In Germany, where opportunism is weaker than in France or Italy, "autonomist tendencies have so far led only to more or less passionate declamations against dictators and grand inquisitors, against excommunication[10] and heresy-hunting, and to endless cavilling and squabbling, which would only result in endless strife if replied to by the other side”.
It is not surprising that in Russia, where opportunism in the Party is even weaker than in Germany, autonomist tendencies should have produced fewer ideas and more “passionate declamations” and squabbling.

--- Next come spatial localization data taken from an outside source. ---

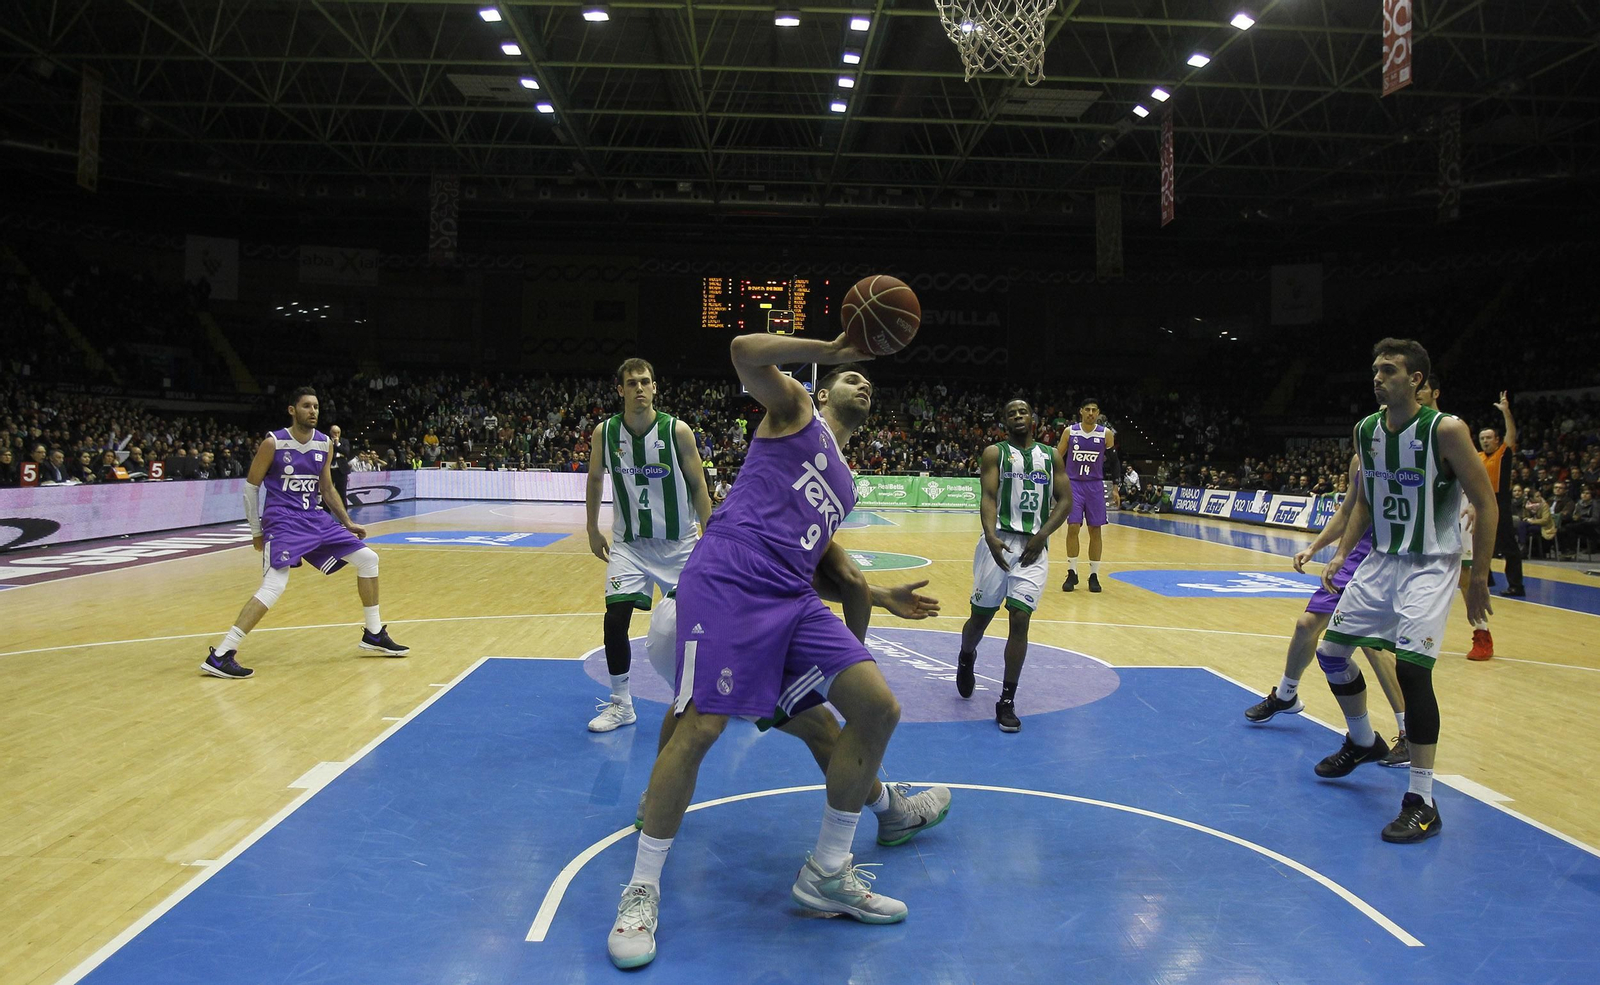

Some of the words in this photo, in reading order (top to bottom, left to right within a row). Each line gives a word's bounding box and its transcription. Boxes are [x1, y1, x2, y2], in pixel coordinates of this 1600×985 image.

[922, 310, 1000, 326] EVILLA
[23, 464, 37, 482] 5
[151, 462, 163, 478] 5
[645, 466, 663, 475] plus
[1032, 472, 1047, 481] plus
[1079, 464, 1090, 476] 14
[1399, 472, 1420, 481] plus
[302, 493, 310, 510] 5
[639, 488, 650, 508] 4
[1020, 491, 1039, 511] 23
[1180, 487, 1200, 500] TRABAJO
[1175, 499, 1199, 512] TEMPORAL
[1234, 499, 1246, 512] 902
[1383, 496, 1411, 521] 20
[800, 524, 821, 550] 9

It is not surprising that Kautsky arrives at the following conclusion: “There is perhaps no other question on which revisionism in all countries, despite its multiplicity of form and hue, is so alike as on the question of organisation.” Kautsky, too, defines the basic tendencies of orthodoxy and revisionism in this sphere with the help of the “dreadful word”: bureaucracy versus democracy. We are told, he says, that to give the Party leadership the right to influence the selection of candidates (for parliament) by the constituencies is “a shameful encroachment on the democratic principle, which demands that all political activity proceed from the bottom upward, by the independent activity of the masses, and not from the top downward, in a bureaucratic way.... But if there is any democratic principle, it is that the majority must have predominance over the minority, and not the other way round....” The election of a member of parliament by any constituency is an important matter for the Party as a whole, which should influence the nomination of candidates, if only through its representatives (Vertrauensmanner ). “Whoever considers this too bureaucratic or centralistic let him suggest that candidates be nominated by the direct vote of the Party membership at large [sīmtliche Parteigenossen ]. If he thinks this is not practicable, he must not complain of a lack of democracy when this function, like many others that concern the Party as a whole, is exercised by one or several Party bodies.” It has long been “common law” in the German Party for constituencies to “come to a friendly understanding” with the Party leadership about the choice of candidates. “But the Party has grown too big for this tacit common law to suffice any longer. Common law ceases to be law when it ceases to be accepted as a matter of course, when its stipulations, and even its very existence, are called in question. Then it becomes necessary to formulate the law specifically, to codify it” . . . to go over to more "precise statutory definition[11] [statutarische Festlegung] and, accordingly, greater strictness [grössere Straffheit ] of organisation”.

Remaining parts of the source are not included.